LA MEXICAINE EST DÉJÀ DESCENDUE

La Criée, Théâtre National de Marseille
30, quai de Rive Neuve
13007 Marseille
04 91 54 70 54

Jusqu’au 24 janvier 2019
Ven, Sam, Mar, Jeu 20h, Mer 19h, Dim 16h

 

La Mexicaine est déjà descendue loupe 

Sur une trame quasi comique se déroule un véritable questionnement sur l’identité masculine et les stéréotypes engendrés par la culture, la morale et l’éducation : bref, la représentation du viril. Une telle évocation pourrait être un peu hermétique, mais rien de cela ne transpire dans « La Mexicaine est déjà descendue » grâce à une écriture inventive et une mise en scène intelligente et originale avec une construction des personnages sur le modèle des matriochkas.

Le spectacle en entier est d’ailleurs étagé en emboîtements successifs. D’abord une sorte de boîte de nuit, un cabaret, où tous les personnages sont des adeptes de la danse urbaine le Voguing. Ils sont masqués et annoncent les personnages qu’ils vont interpréter pour une drôle d’histoire.

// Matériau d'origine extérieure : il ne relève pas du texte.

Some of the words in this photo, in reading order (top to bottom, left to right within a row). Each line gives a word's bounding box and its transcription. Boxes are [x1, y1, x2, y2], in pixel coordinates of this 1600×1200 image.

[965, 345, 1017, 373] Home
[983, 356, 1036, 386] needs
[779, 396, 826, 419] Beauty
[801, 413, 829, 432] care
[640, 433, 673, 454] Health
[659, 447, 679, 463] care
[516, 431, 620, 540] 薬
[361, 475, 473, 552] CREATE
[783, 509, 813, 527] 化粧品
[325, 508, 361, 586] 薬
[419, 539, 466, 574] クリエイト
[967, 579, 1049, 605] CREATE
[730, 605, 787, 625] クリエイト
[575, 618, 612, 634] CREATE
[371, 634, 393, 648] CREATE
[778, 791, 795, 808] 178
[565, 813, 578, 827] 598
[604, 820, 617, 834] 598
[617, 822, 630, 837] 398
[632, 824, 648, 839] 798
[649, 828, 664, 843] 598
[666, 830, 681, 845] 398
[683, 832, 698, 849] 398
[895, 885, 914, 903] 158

Une histoire qui se déroule dans l’intimité d’une famille de marchands d’art : la mère, la fille et surtout le fils, vendeur surdoué qui use de ses charmes virils pour refourguer les toiles au prix fort. Arrive une jeune Russe qui recherche son frère, danseur classique, disparu depuis une semaine. La galerie d’art est le dernier endroit où il a été vu avant sa disparition. Se greffent alors l’histoire du père, artiste disparu depuis vingt ans, l’annonce de la mort de celui-ci en Orient, la sœur et le frère qui soudoient la jeune Russe pour signer les toiles de celui-ci et les faire acheter par la mère, en échange de quoi ils auront des révélations à faire sur la disparition du jeune danseur. Est-il mort ? Est-il enfermé, enterré dans la cave de la galerie ?... Entretemps, le fils séducteur tombe amoureux de la jeune fille russe, pour la première fois de sa vie…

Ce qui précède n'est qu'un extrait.